_Instructions to follow_: Without the pictures, write the listing below out again, line for line.

_Supplied data_:
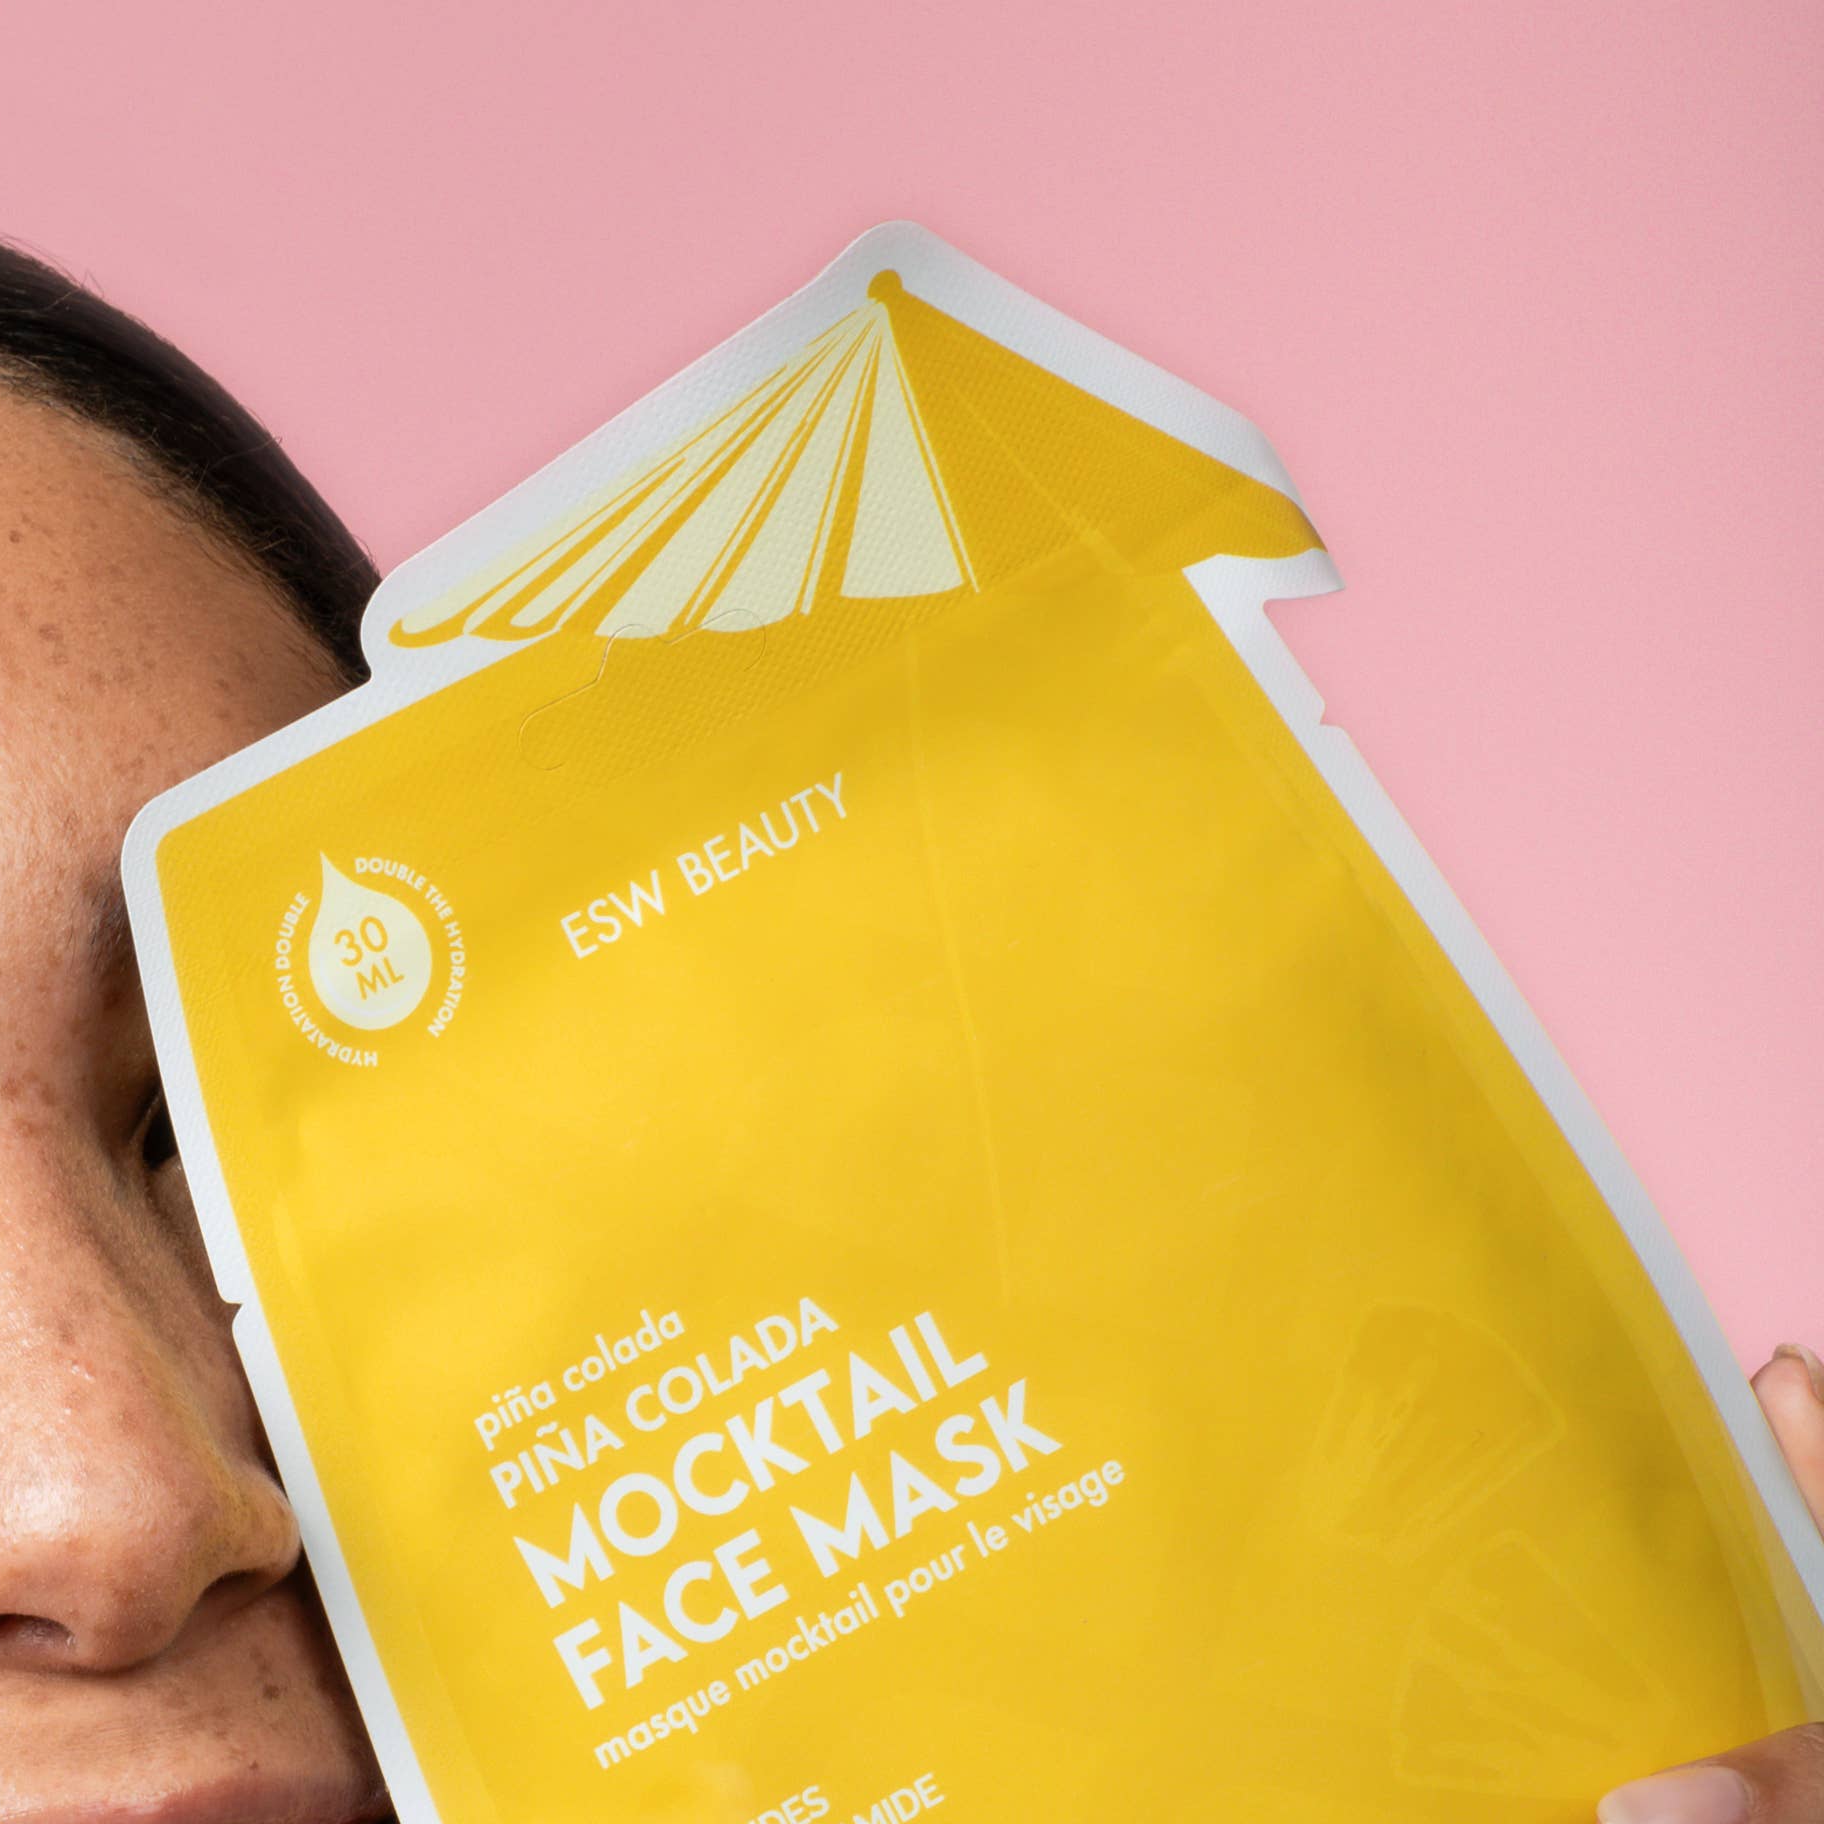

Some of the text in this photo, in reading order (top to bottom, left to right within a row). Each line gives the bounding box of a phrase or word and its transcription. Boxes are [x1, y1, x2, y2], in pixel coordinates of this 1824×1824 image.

[334, 915, 389, 967] 30
[354, 856, 466, 1038] DOUBLE THE HYDRATION
[560, 771, 849, 959] ESW BEAUTY
[275, 891, 378, 1067] HYDRATATION DOUBLE
[354, 956, 405, 1000] ML
[474, 1308, 685, 1450] piña colada
[489, 1297, 839, 1509] PIÑA COLADA
[513, 1312, 989, 1609] MOCKTAIL
[553, 1377, 1064, 1710] FACE MASK
[594, 1458, 1125, 1769] masque mocktail pour le visage
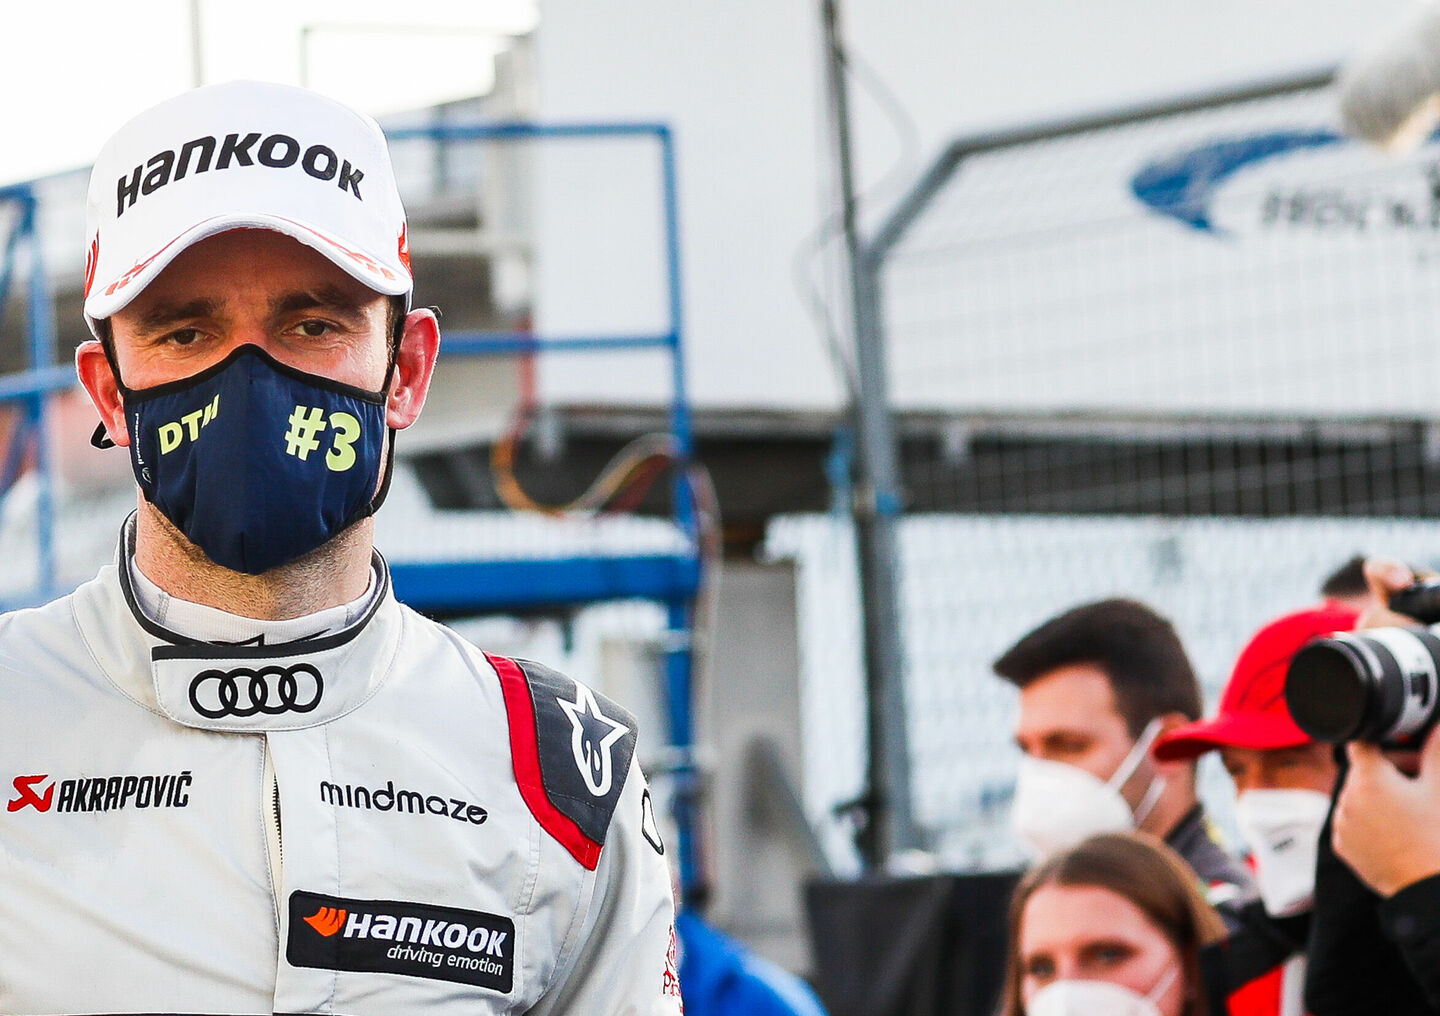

_The answer_:
Some of the text in this photo, in reading order (top to bottom, left to right within a row). Each line gives the bounding box of a phrase or word and its transcription. Boxes are [x1, y1, x2, y2], in pixel coordinates of this 1824×1824 image.

[334, 915, 389, 967] 30
[354, 856, 466, 1038] DOUBLE THE HYDRATION
[560, 771, 849, 959] ESW BEAUTY
[275, 891, 378, 1067] HYDRATATION DOUBLE
[354, 956, 405, 1000] ML
[474, 1308, 685, 1450] piña colada
[489, 1297, 839, 1509] PIÑA COLADA
[513, 1312, 989, 1609] MOCKTAIL
[553, 1377, 1064, 1710] FACE MASK
[594, 1458, 1125, 1769] masque mocktail pour le visage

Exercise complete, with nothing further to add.